** Opening DATA UNDER STUDY block **

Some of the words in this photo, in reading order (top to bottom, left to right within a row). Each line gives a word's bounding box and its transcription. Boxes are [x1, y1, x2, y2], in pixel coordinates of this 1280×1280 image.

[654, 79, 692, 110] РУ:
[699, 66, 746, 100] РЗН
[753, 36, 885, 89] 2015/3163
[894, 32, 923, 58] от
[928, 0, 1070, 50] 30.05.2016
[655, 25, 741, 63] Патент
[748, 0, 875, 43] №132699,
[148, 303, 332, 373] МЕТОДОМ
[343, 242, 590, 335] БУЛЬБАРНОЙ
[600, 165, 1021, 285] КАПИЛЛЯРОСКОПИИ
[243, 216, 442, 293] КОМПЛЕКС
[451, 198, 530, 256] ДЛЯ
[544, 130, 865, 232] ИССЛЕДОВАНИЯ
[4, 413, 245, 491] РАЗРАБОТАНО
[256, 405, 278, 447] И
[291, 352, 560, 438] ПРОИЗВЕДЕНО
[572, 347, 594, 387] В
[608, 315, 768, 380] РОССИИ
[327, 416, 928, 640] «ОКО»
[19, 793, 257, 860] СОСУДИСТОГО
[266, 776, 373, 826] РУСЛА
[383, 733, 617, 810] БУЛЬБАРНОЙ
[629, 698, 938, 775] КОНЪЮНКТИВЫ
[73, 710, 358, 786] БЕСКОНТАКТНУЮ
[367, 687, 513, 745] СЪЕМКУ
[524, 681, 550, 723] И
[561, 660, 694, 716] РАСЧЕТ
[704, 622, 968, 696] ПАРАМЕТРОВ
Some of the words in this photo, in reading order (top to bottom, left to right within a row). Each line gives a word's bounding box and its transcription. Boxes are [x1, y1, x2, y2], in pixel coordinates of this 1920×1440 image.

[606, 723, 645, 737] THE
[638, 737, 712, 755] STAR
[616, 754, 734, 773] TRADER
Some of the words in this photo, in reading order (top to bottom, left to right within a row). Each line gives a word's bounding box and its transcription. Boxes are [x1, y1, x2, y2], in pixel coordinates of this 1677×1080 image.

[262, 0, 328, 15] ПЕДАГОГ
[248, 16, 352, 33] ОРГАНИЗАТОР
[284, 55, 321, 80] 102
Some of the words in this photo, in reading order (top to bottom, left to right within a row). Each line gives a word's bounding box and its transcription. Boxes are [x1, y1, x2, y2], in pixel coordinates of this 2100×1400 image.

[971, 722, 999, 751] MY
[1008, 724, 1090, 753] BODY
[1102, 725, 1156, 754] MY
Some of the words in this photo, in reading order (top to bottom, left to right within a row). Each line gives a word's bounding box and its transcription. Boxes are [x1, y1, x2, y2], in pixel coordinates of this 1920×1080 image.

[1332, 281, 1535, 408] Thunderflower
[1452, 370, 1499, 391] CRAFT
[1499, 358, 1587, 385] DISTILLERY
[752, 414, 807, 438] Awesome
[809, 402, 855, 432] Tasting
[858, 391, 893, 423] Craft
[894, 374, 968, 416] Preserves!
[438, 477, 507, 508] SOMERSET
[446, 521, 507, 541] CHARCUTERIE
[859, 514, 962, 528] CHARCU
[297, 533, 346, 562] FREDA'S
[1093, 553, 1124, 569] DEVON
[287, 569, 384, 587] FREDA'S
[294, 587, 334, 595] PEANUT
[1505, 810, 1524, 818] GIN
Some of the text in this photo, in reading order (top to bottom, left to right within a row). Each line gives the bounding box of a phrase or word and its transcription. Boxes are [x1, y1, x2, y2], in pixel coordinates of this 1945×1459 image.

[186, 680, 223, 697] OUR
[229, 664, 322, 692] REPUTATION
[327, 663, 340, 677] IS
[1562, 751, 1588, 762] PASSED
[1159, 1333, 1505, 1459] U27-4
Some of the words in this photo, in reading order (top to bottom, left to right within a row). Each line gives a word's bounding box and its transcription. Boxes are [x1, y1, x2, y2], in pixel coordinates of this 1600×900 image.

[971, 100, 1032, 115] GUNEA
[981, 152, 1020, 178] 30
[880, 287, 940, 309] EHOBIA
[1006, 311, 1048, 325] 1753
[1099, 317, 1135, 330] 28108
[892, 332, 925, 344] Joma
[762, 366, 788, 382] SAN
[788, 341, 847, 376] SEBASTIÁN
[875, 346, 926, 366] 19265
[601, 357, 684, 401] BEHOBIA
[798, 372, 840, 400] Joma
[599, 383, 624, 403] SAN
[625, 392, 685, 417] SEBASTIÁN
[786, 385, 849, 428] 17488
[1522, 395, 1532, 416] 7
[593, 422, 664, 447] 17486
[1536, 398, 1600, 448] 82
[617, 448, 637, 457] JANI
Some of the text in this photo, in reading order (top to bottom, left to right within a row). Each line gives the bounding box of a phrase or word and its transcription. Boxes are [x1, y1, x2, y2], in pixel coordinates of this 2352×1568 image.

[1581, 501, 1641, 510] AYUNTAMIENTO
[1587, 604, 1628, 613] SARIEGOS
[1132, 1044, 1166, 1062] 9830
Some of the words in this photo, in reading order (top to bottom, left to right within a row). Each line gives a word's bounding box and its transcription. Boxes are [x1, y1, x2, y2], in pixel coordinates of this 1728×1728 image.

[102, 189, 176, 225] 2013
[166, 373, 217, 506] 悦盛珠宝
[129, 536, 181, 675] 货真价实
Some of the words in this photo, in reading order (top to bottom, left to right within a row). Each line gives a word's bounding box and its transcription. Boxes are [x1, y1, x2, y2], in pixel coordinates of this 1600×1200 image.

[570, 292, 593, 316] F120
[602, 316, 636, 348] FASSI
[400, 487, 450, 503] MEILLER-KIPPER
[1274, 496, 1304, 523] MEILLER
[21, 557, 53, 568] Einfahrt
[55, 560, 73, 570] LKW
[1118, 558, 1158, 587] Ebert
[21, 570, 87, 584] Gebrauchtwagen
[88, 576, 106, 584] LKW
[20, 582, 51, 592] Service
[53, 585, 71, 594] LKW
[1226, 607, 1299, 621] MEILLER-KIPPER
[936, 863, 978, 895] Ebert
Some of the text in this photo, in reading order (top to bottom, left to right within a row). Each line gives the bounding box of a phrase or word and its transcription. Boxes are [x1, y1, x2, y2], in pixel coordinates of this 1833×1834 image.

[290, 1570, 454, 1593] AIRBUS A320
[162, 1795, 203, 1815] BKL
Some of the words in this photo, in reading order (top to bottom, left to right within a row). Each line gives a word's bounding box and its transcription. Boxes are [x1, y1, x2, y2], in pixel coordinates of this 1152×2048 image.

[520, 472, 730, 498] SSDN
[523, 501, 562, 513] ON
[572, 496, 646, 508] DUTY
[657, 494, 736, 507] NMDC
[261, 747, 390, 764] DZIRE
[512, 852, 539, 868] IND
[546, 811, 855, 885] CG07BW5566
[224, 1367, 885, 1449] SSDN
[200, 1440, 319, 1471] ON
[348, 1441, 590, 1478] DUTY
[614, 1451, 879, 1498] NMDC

** Closing DATA UNDER STUDY block **

**PROBLEM REQUIREMENTS:**
Reproduce the data. Keep it exact.

**RESULT:**
Some of the words in this photo, in reading order (top to bottom, left to right within a row). Each line gives a word's bounding box and its transcription. Boxes are [x1, y1, x2, y2], in pixel coordinates of this 1280×1280 image.

[654, 79, 692, 110] РУ:
[699, 66, 746, 100] РЗН
[753, 36, 885, 89] 2015/3163
[894, 32, 923, 58] от
[928, 0, 1070, 50] 30.05.2016
[655, 25, 741, 63] Патент
[748, 0, 875, 43] №132699,
[148, 303, 332, 373] МЕТОДОМ
[343, 242, 590, 335] БУЛЬБАРНОЙ
[600, 165, 1021, 285] КАПИЛЛЯРОСКОПИИ
[243, 216, 442, 293] КОМПЛЕКС
[451, 198, 530, 256] ДЛЯ
[544, 130, 865, 232] ИССЛЕДОВАНИЯ
[4, 413, 245, 491] РАЗРАБОТАНО
[256, 405, 278, 447] И
[291, 352, 560, 438] ПРОИЗВЕДЕНО
[572, 347, 594, 387] В
[608, 315, 768, 380] РОССИИ
[327, 416, 928, 640] «ОКО»
[19, 793, 257, 860] СОСУДИСТОГО
[266, 776, 373, 826] РУСЛА
[383, 733, 617, 810] БУЛЬБАРНОЙ
[629, 698, 938, 775] КОНЪЮНКТИВЫ
[73, 710, 358, 786] БЕСКОНТАКТНУЮ
[367, 687, 513, 745] СЪЕМКУ
[524, 681, 550, 723] И
[561, 660, 694, 716] РАСЧЕТ
[704, 622, 968, 696] ПАРАМЕТРОВ
Some of the words in this photo, in reading order (top to bottom, left to right within a row). Each line gives a word's bounding box and its transcription. Boxes are [x1, y1, x2, y2], in pixel coordinates of this 1920×1440 image.

[606, 723, 645, 737] THE
[638, 737, 712, 755] STAR
[616, 754, 734, 773] TRADER
Some of the words in this photo, in reading order (top to bottom, left to right within a row). Each line gives a word's bounding box and its transcription. Boxes are [x1, y1, x2, y2], in pixel coordinates of this 1677×1080 image.

[262, 0, 328, 15] ПЕДАГОГ
[248, 16, 352, 33] ОРГАНИЗАТОР
[284, 55, 321, 80] 102
Some of the words in this photo, in reading order (top to bottom, left to right within a row). Each line gives a word's bounding box and its transcription. Boxes are [x1, y1, x2, y2], in pixel coordinates of this 2100×1400 image.

[971, 722, 999, 751] MY
[1008, 724, 1090, 753] BODY
[1102, 725, 1156, 754] MY
Some of the words in this photo, in reading order (top to bottom, left to right within a row). Each line gives a word's bounding box and its transcription. Boxes are [x1, y1, x2, y2], in pixel coordinates of this 1920×1080 image.

[1332, 281, 1535, 408] Thunderflower
[1452, 370, 1499, 391] CRAFT
[1499, 358, 1587, 385] DISTILLERY
[752, 414, 807, 438] Awesome
[809, 402, 855, 432] Tasting
[858, 391, 893, 423] Craft
[894, 374, 968, 416] Preserves!
[438, 477, 507, 508] SOMERSET
[446, 521, 507, 541] CHARCUTERIE
[859, 514, 962, 528] CHARCU
[297, 533, 346, 562] FREDA'S
[1093, 553, 1124, 569] DEVON
[287, 569, 384, 587] FREDA'S
[294, 587, 334, 595] PEANUT
[1505, 810, 1524, 818] GIN
Some of the text in this photo, in reading order (top to bottom, left to right within a row). Each line gives the bounding box of a phrase or word and its transcription. Boxes are [x1, y1, x2, y2], in pixel coordinates of this 1945×1459 image.

[186, 680, 223, 697] OUR
[229, 664, 322, 692] REPUTATION
[327, 663, 340, 677] IS
[1562, 751, 1588, 762] PASSED
[1159, 1333, 1505, 1459] U27-4
Some of the words in this photo, in reading order (top to bottom, left to right within a row). Each line gives a word's bounding box and its transcription. Boxes are [x1, y1, x2, y2], in pixel coordinates of this 1600×900 image.

[971, 100, 1032, 115] GUNEA
[981, 152, 1020, 178] 30
[880, 287, 940, 309] EHOBIA
[1006, 311, 1048, 325] 1753
[1099, 317, 1135, 330] 28108
[892, 332, 925, 344] Joma
[762, 366, 788, 382] SAN
[788, 341, 847, 376] SEBASTIÁN
[875, 346, 926, 366] 19265
[601, 357, 684, 401] BEHOBIA
[798, 372, 840, 400] Joma
[599, 383, 624, 403] SAN
[625, 392, 685, 417] SEBASTIÁN
[786, 385, 849, 428] 17488
[1522, 395, 1532, 416] 7
[593, 422, 664, 447] 17486
[1536, 398, 1600, 448] 82
[617, 448, 637, 457] JANI
Some of the text in this photo, in reading order (top to bottom, left to right within a row). Each line gives the bounding box of a phrase or word and its transcription. Boxes are [x1, y1, x2, y2], in pixel coordinates of this 2352×1568 image.

[1581, 501, 1641, 510] AYUNTAMIENTO
[1587, 604, 1628, 613] SARIEGOS
[1132, 1044, 1166, 1062] 9830
Some of the words in this photo, in reading order (top to bottom, left to right within a row). Each line gives a word's bounding box and its transcription. Boxes are [x1, y1, x2, y2], in pixel coordinates of this 1728×1728 image.

[102, 189, 176, 225] 2013
[166, 373, 217, 506] 悦盛珠宝
[129, 536, 181, 675] 货真价实
Some of the words in this photo, in reading order (top to bottom, left to right within a row). Each line gives a word's bounding box and its transcription. Boxes are [x1, y1, x2, y2], in pixel coordinates of this 1600×1200 image.

[570, 292, 593, 316] F120
[602, 316, 636, 348] FASSI
[400, 487, 450, 503] MEILLER-KIPPER
[1274, 496, 1304, 523] MEILLER
[21, 557, 53, 568] Einfahrt
[55, 560, 73, 570] LKW
[1118, 558, 1158, 587] Ebert
[21, 570, 87, 584] Gebrauchtwagen
[88, 576, 106, 584] LKW
[20, 582, 51, 592] Service
[53, 585, 71, 594] LKW
[1226, 607, 1299, 621] MEILLER-KIPPER
[936, 863, 978, 895] Ebert
Some of the text in this photo, in reading order (top to bottom, left to right within a row). Each line gives the bounding box of a phrase or word and its transcription. Boxes are [x1, y1, x2, y2], in pixel coordinates of this 1833×1834 image.

[290, 1570, 454, 1593] AIRBUS A320
[162, 1795, 203, 1815] BKL
Some of the words in this photo, in reading order (top to bottom, left to right within a row). Each line gives a word's bounding box and its transcription. Boxes are [x1, y1, x2, y2], in pixel coordinates of this 1152×2048 image.

[520, 472, 730, 498] SSDN
[523, 501, 562, 513] ON
[572, 496, 646, 508] DUTY
[657, 494, 736, 507] NMDC
[261, 747, 390, 764] DZIRE
[512, 852, 539, 868] IND
[546, 811, 855, 885] CG07BW5566
[224, 1367, 885, 1449] SSDN
[200, 1440, 319, 1471] ON
[348, 1441, 590, 1478] DUTY
[614, 1451, 879, 1498] NMDC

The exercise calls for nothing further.